Анна Илларионна — лицо горело, жест быстрый, точно подменили, — о чем-то говорила с насупленным военным медиком. Потом подошла ко мне. «Владимир Рафаилыч, извините, обеспокоила вас, сама не пойму… Что-то у меня, — она провела рукой по лбу. — Извините. И спасибо вам, спасибо. Я останусь, надо помочь, я должна остаться… — Она смотрела мимо меня. — Тут есть несколько из гвардейской полуроты, Дунай форсировали. — Глаза у нее были сухие, только морщинка, тоненькая, иголочкой, морщинка над переносьем углубилась. — Тогда, на Дунае, уцелели. И вот, видите…»

И тут окликнули: «Сестрица?! Барышня?!» Удивление, радость были в том оклике. Я выпустил ее руку, или она вырвала, устремившись на зов.
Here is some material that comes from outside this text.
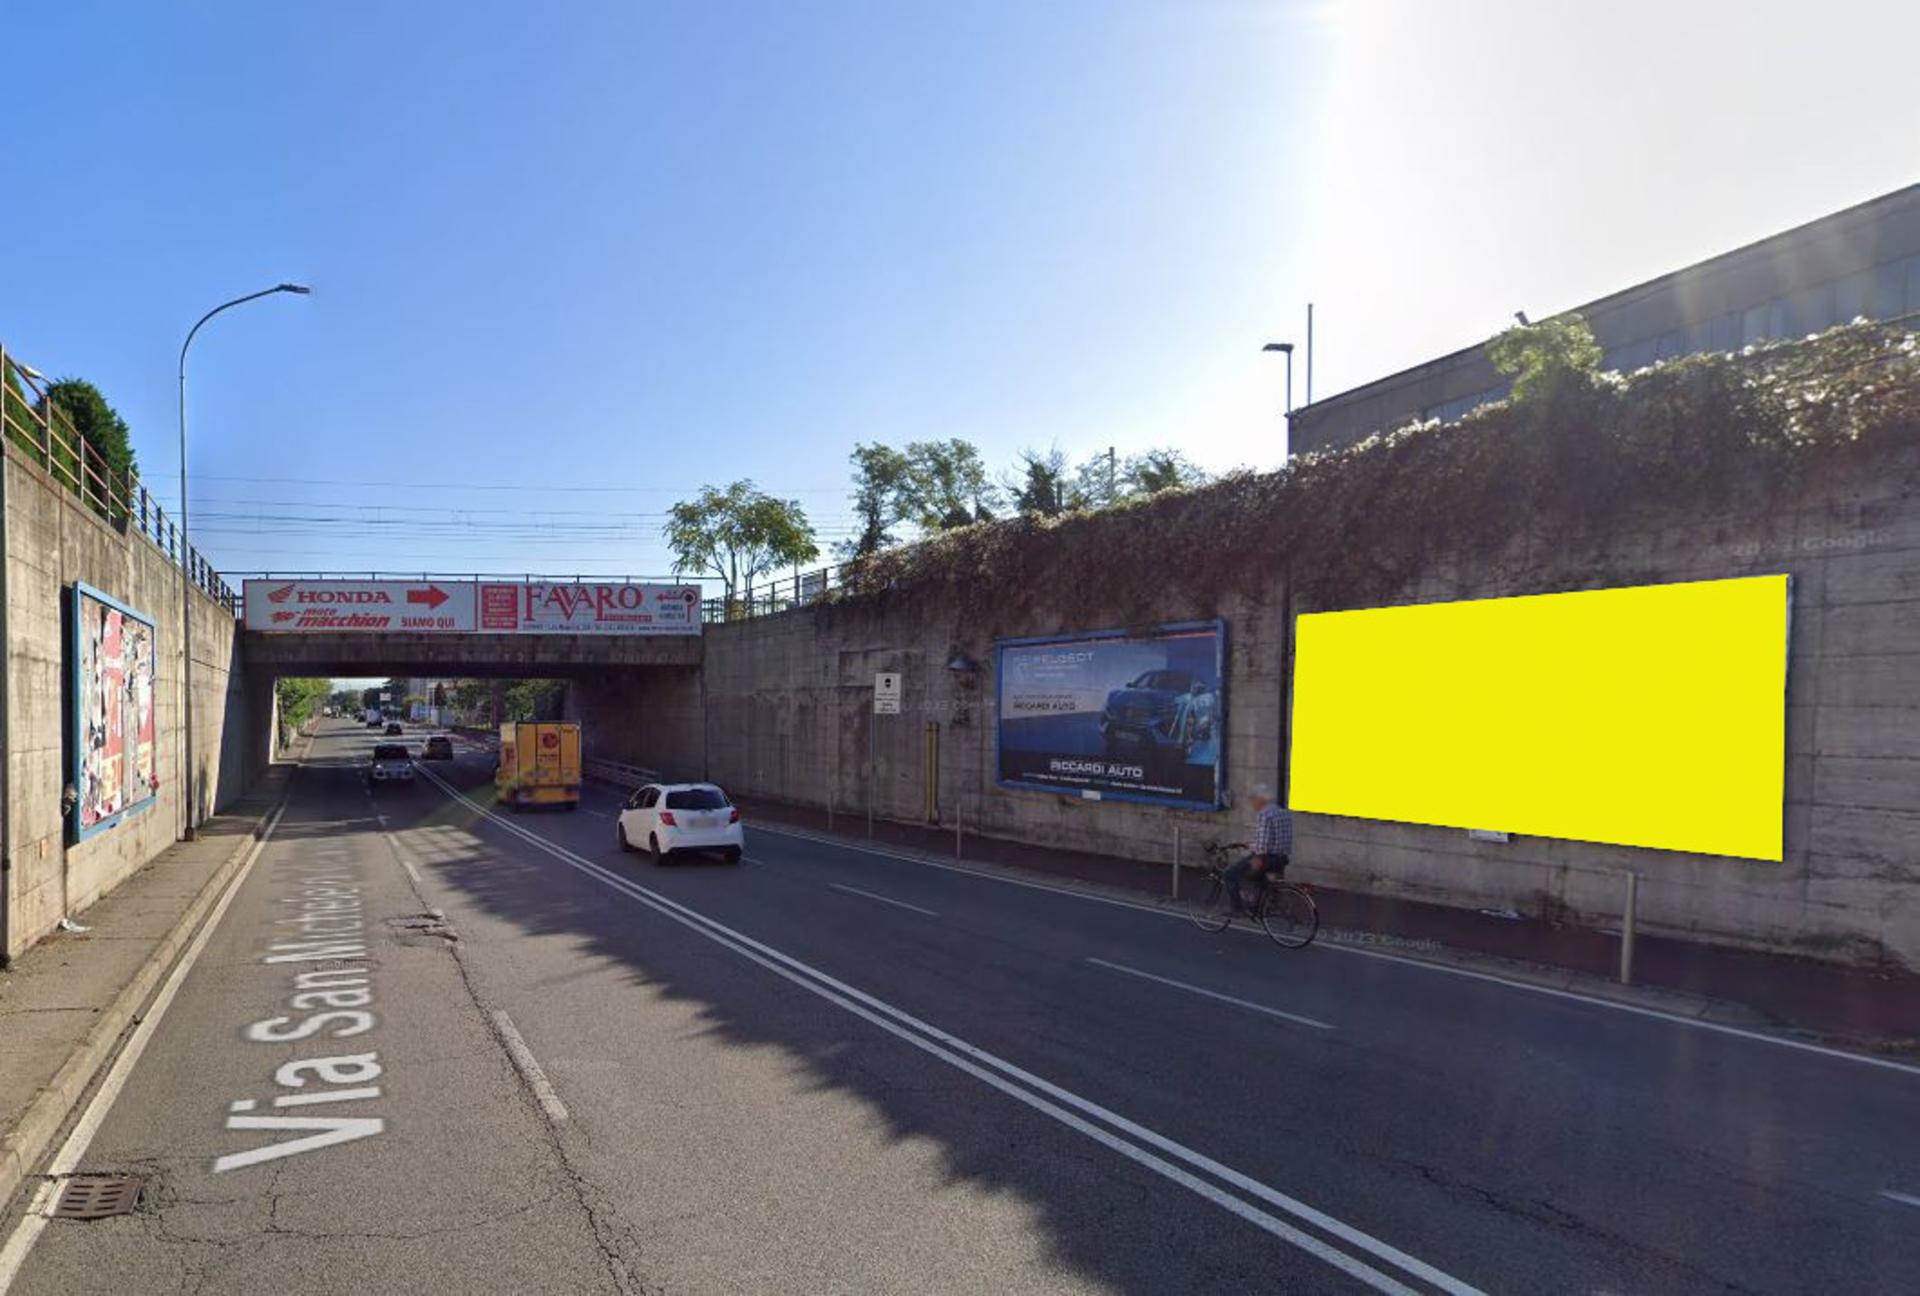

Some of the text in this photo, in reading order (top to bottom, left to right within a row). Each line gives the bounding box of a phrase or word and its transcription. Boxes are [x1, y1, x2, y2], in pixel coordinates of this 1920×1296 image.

У меня полились слезы.

Я не понял, почему поднялась суета. Почему санитары, подгибая ноги, побежали между койками, оправляя одеяла и посовывая в стороны табуреты и тазы. И почему насупленный медик каким-то гимназическим движением выбросил свою сигару и пригладил волосы. Оглянулся на меня и, будто оправдываясь, произнес: «Государь». А моя Анна Илларионна, как склонилась над раненым, очевидно, над тем, который окликнул, как склонилась, так и не переменяла положения.

Вошел государь. Я прилип к стене. У него было лицо несчастного старого человека, которого позавчера хотели убить, но не убили и которого, наверное, убьют если не завтра, так послезавтра.

Он взглянул на меня мельком, будто я и стена неразличимы, и двинулся в глубь покоя.

6

Вообразите Исаакий, взлетающий на воздух… Д-да, тыща пудов динамита — и фью-ють! Гранит, железо, мрамор — все вверх тормашками. И пылает университет, там и сям горит. Еще немного — Петербург провалится в преисподнюю. Кое-кто давай бог ноги из города. Многие спали, как в караульне, не раздеваясь.

Говорят, подобная паника разражается во время вооруженного восстания. На моем веку оно было, на Сенатской площади было, да я тогда под стол пешком ходил. Но после взрыва в Зимнем дворце паника действительно объяла петербуржцев, это так. Я не верил, конечно, в «летящий» Исаакий, однако неизвестное гнетет.

А «известное» тоже, знаете ли, не радовало. У нас как? Чуть что — первым делом прессу оглоблей огреют. Кажись, куда дальше-то гнуть? Ан нет, всегда возможно. Да и нетрудно — позвали редакторов, топнули ногой, притопнули другой: не сметь о том, не сметь о сем. Нагнали страху и довольны — вроде бы государственную мудрость явили.

Засим учреждается Верховная распорядительная комиссия во главе с генералом графом Лорис-Меликовым. От разных комиссий, да еще верховных, не приучены мы добра ждать. И вдруг как форточку распахнули, свежий воздух в усталую грудь. От имени верховной обращается граф к жителям столицы. Верно, бывало и такое. Но так, да не так. Тут сразу поворот наметился, а не сотрясение воздусей. У нас всякое бывало, одного не бывало — уверенности в завтрашнем дне. Тут — появилась. Полномочия у Лориса громадные, а он не стращает, не приказывает, он — обращается.